Y me cuenta que el Padre Miguel, un párroco del barrio que desapareció misteriosamente hacía un par de años, es al parecer el famoso Camarada Leoncio que dirigió el sangriento asalto al Palacio de Gobierno el mes pasado.

—Yo lo dudo —protesta María—. El Padre Miguel era un fanfarrón.
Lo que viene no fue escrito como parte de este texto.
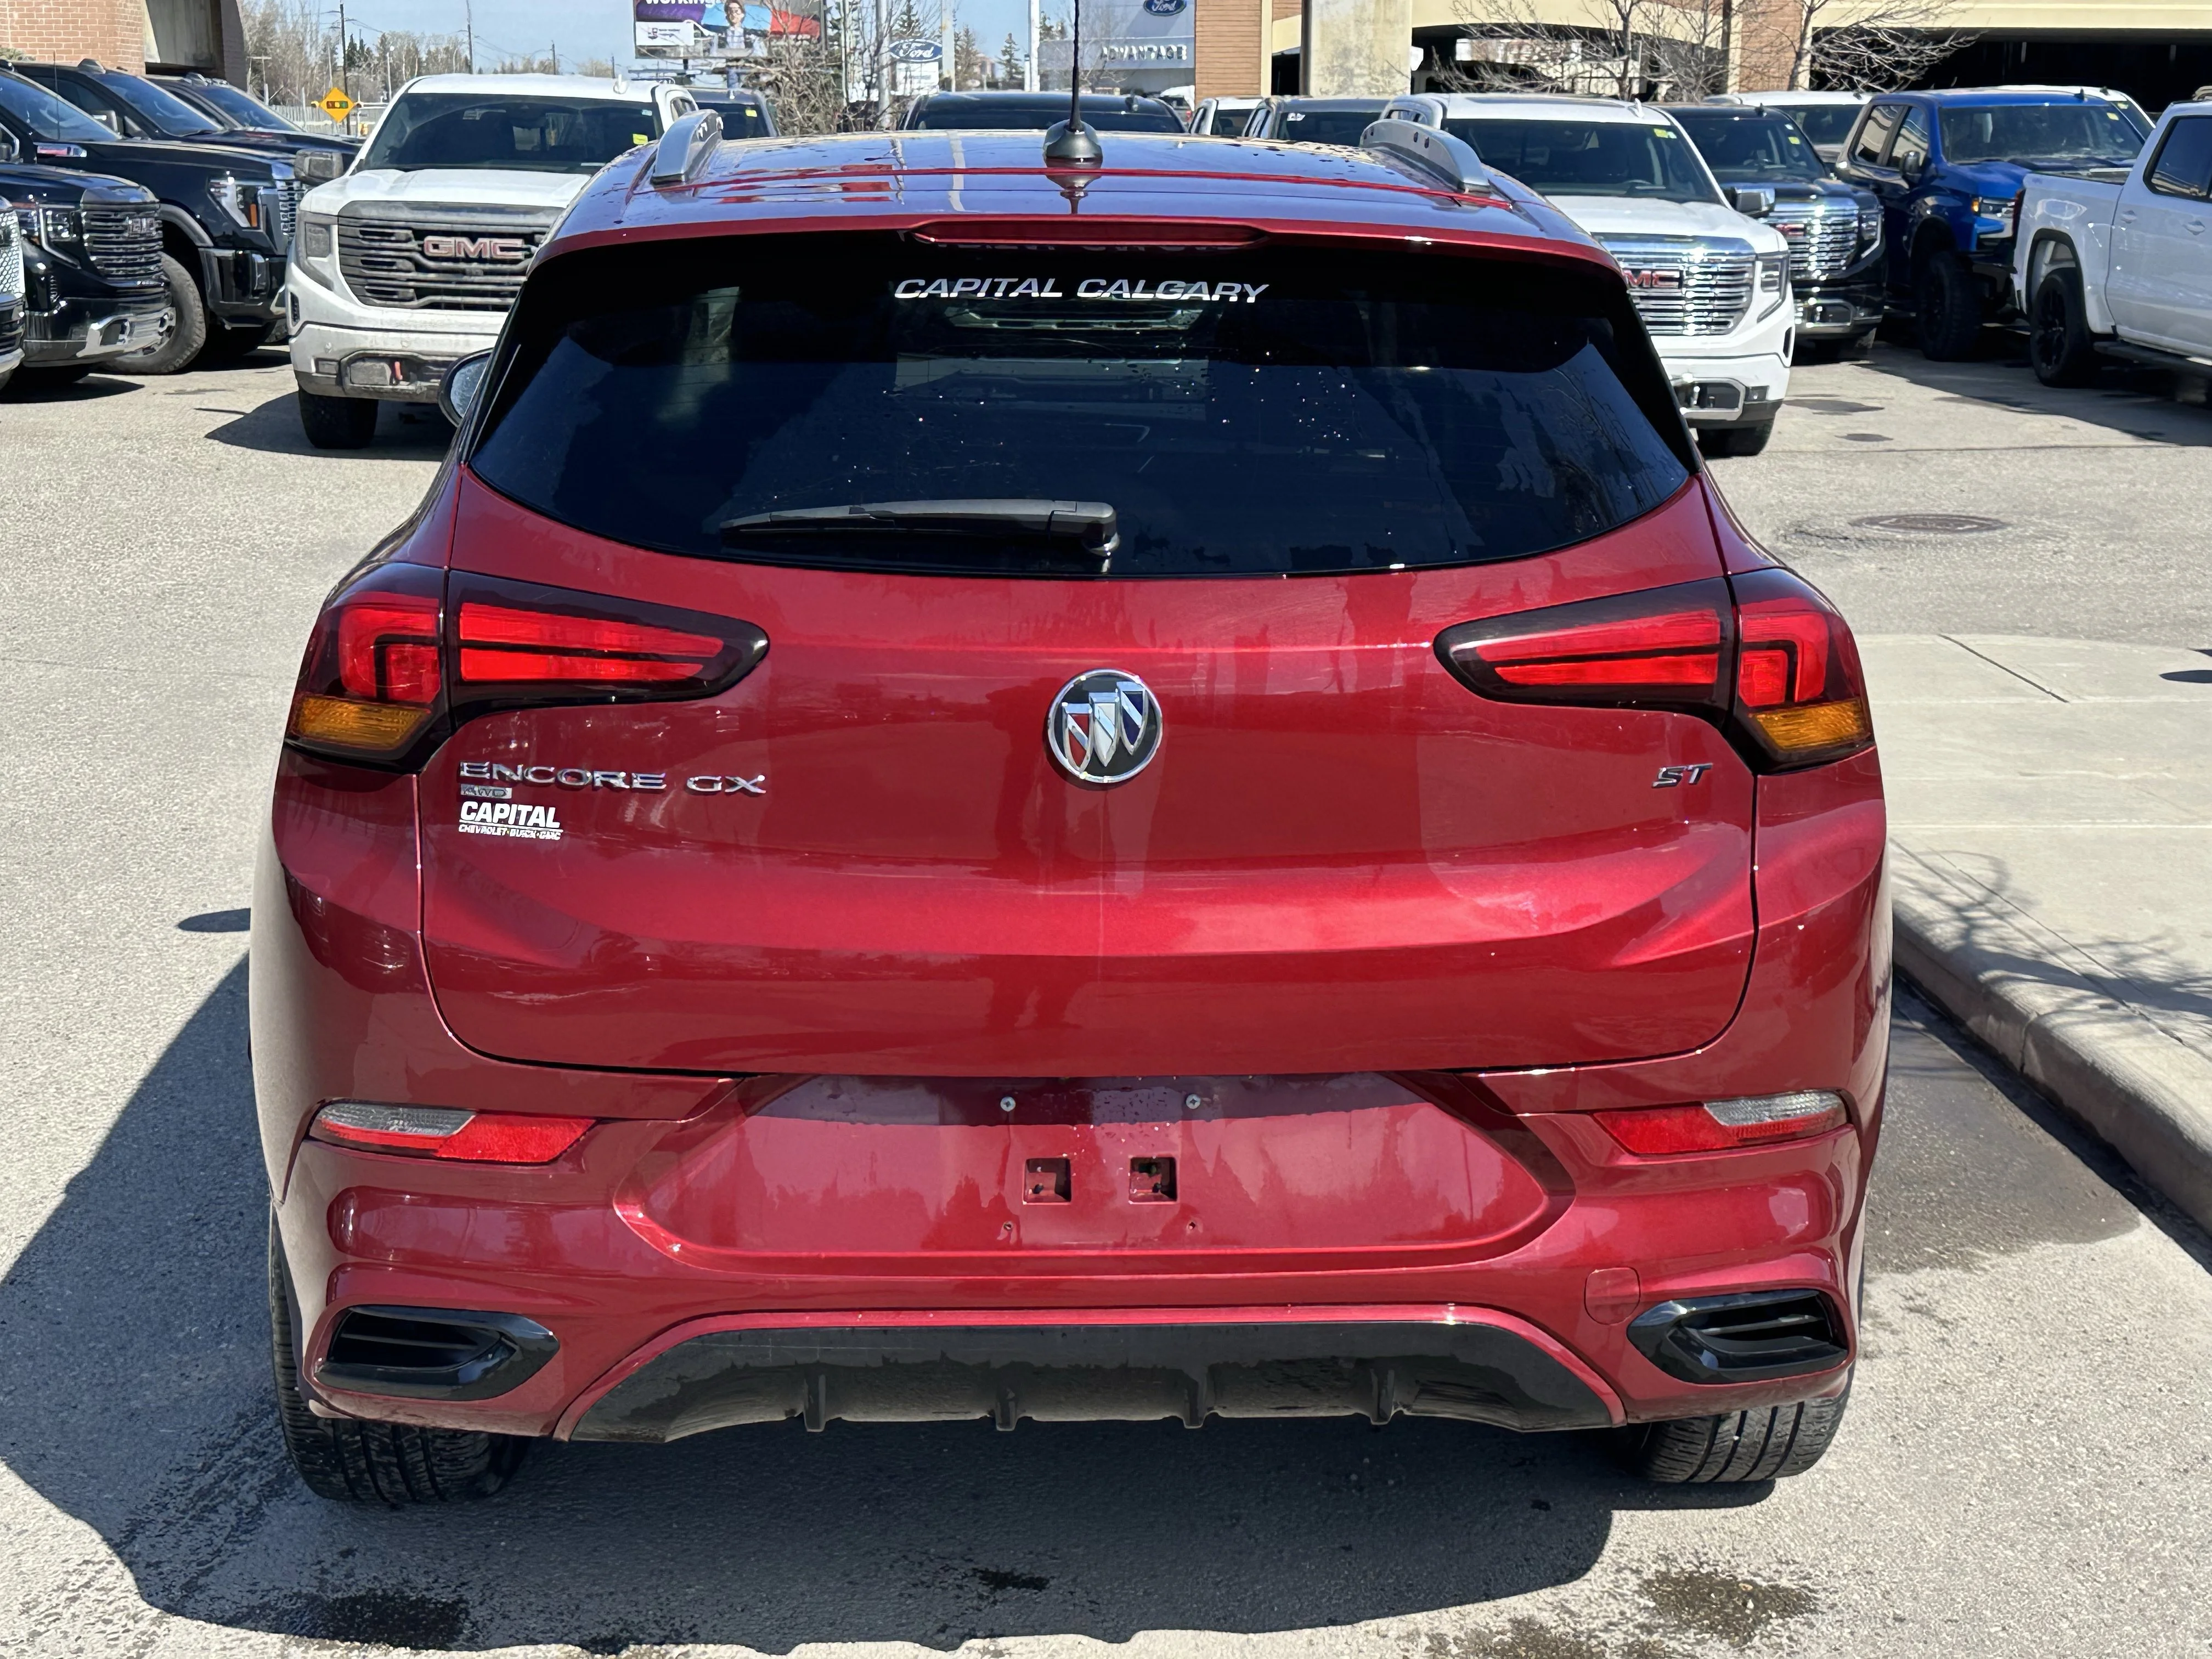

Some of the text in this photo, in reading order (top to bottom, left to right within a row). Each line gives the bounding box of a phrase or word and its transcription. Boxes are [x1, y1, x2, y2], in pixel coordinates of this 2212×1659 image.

Muy incendiario de la boca para afuera pero, en el fondo, un bombero. Yo estoy segura que la policía o los escuadrones de la libertad lo mataron.

Sí, era eso. No un revólver ni una pistola, sino una metralleta corta, ligera, que parecía recién salida de fábrica: negra, aceitosa, reluciente. Mayta la observó hipnotizado. Haciendo un esfuerzo, apartó la vista del arma que temblaba en sus manos y echó una mirada alrededor, con la sensación de que, de entre los libros desparramados y los periódicos en desorden del cuartito, surgirían los soplones, señalándolo muertos de risa: «Caíste, Mayta», «Te jodiste, Mayta», «Con las manos en la masa, Mayta». «Es un imprudente, le falta un tornillo, pensó, es un…» Pero no sentía la menor inquina contra el Alférez. Más bien, la benevolencia que inspira la travesura de un niño dilecto y ganas de volver a verlo cuanto antes. «Para jalarle las orejas, pensó. Para decirle…»
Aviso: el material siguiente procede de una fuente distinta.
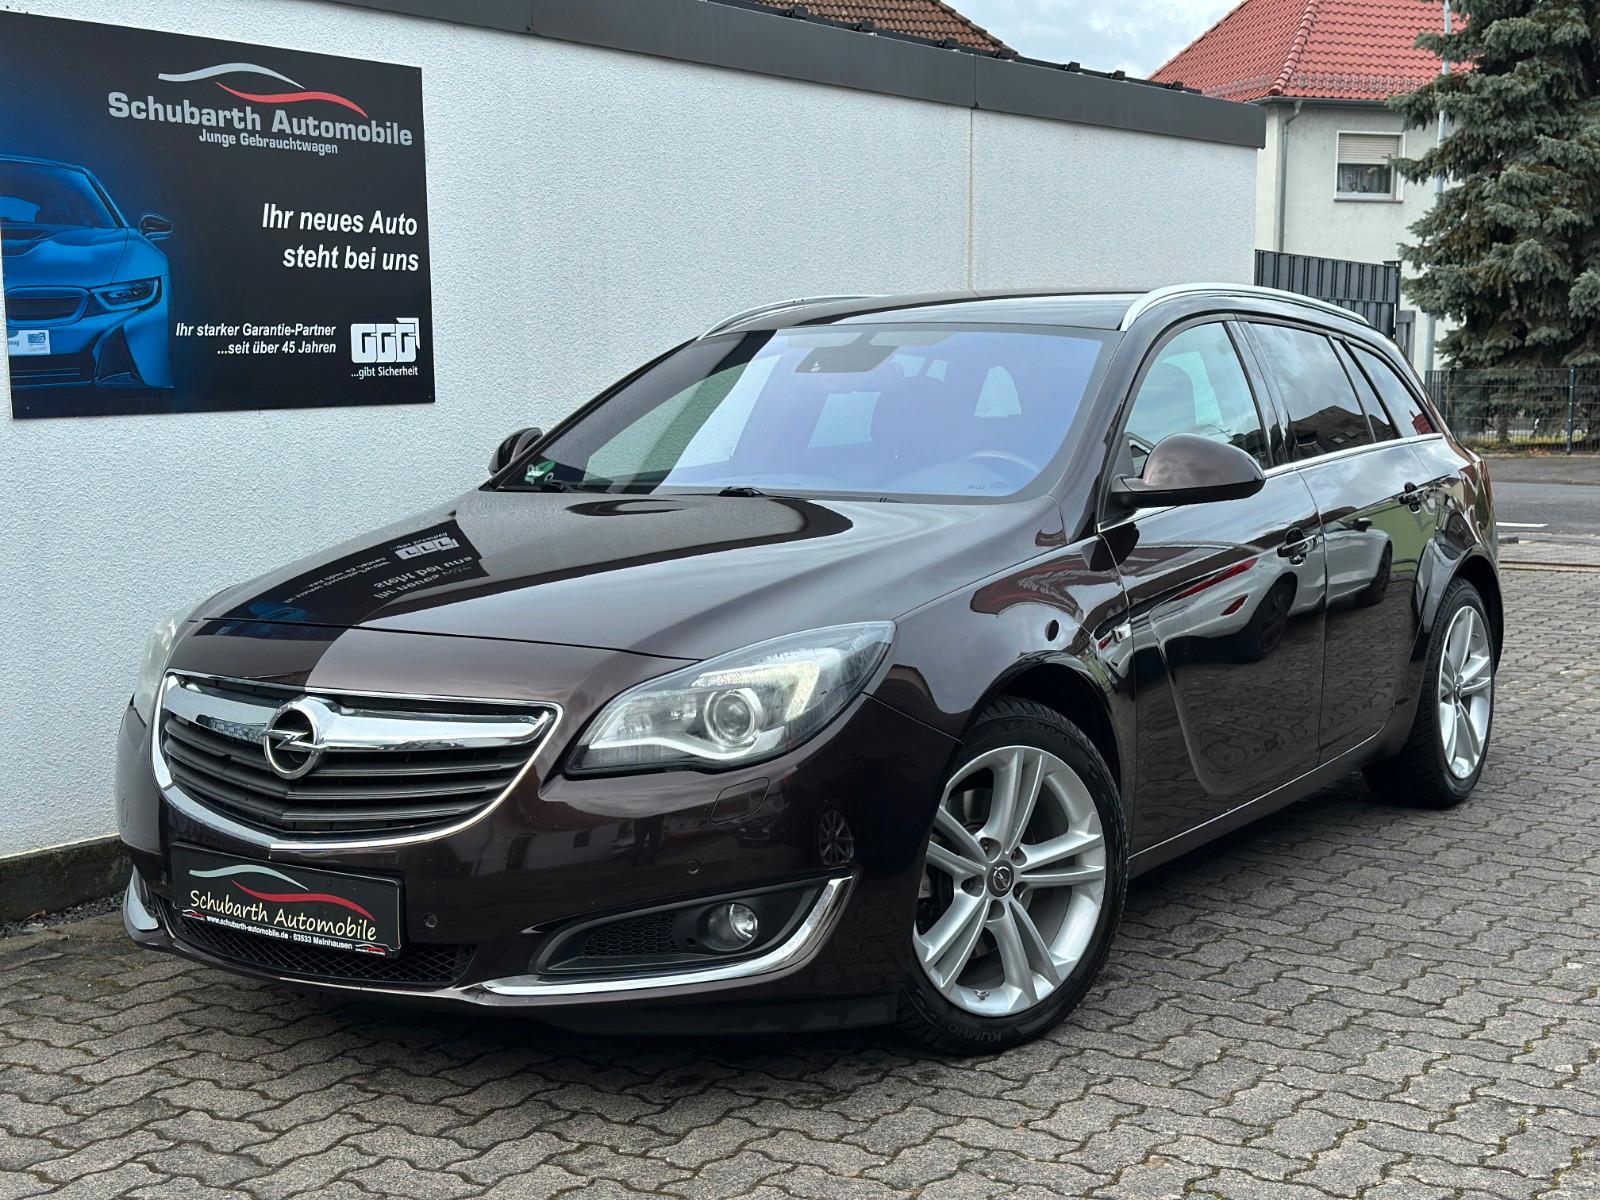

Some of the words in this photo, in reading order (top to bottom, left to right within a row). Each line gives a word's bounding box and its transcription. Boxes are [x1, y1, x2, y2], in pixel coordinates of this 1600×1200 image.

[108, 91, 261, 131] Schubarth
[271, 109, 413, 146] Automobile
[199, 129, 236, 147] Junge
[240, 133, 338, 156] Gebrauchtwagen
[262, 203, 294, 229] Ihr
[300, 211, 364, 233] neues
[369, 210, 418, 236] Auto
[282, 244, 339, 269] steht
[344, 245, 376, 270] bei
[382, 252, 419, 272] uns
[175, 322, 194, 337] Ihr
[196, 322, 240, 337] starker
[242, 323, 337, 337] Garantie-Partner
[217, 341, 251, 355] ...seit
[253, 341, 279, 354] über
[282, 341, 296, 354] 45
[297, 341, 337, 354] Jahren
[351, 366, 376, 380] ...gibt
[378, 366, 418, 377] Sicherheit
[190, 889, 268, 923] Schubarth
[273, 908, 377, 941] Automobile
[206, 915, 289, 940] www.schubarth-automobile.de
[293, 933, 312, 944] 63533
[313, 935, 353, 950] Mainhausen
[948, 1023, 1002, 1042] KUMHO
—Contigo me pasa una cosa curiosa. No sé si contártela o no. Espero que no te enojes. ¿Puedo hablarte con franqueza?

El estadio estaba semivacío y habían llegado tempranísimo; ni siquiera empezaba el preliminar.
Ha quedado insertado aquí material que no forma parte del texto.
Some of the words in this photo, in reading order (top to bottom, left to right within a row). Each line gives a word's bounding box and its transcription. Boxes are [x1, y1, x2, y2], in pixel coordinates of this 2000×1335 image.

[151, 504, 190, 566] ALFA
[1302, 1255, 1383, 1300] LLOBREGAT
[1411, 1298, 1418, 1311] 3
—Puedes —dijo Vallejos, echando humo por la nariz y por la boca—. Ya sé, ¿vas a decirme que mi plan revolucionario es una huevada? ¿O a reñirme otra vez por la sorpresa?

—¿Cuánto tiempo llevamos viéndonos? —dijo Mayta—. ¿Dos meses?

—Nos hemos hecho uña y carne ¿no? —contestó Vallejos, aplaudiendo la tapada de un arquero diminuto y agilísimo—. ¿Qué me ibas a decir, pues?

—Que, a veces, todo esto me parece perder el tiempo. Vallejos se distrajo del partido:

—¿Prestarme libros y enseñarme marxismo?

—No porque no entiendas lo que te enseño —le aclaró Mayta—. Te sobra cabeza para el materialismo dialéctico o cualquier cosa.

—Menos mal —dijo Vallejos, volviendo a las acciones del match—. Creí que perdías tu tiempo porque soy un tarado.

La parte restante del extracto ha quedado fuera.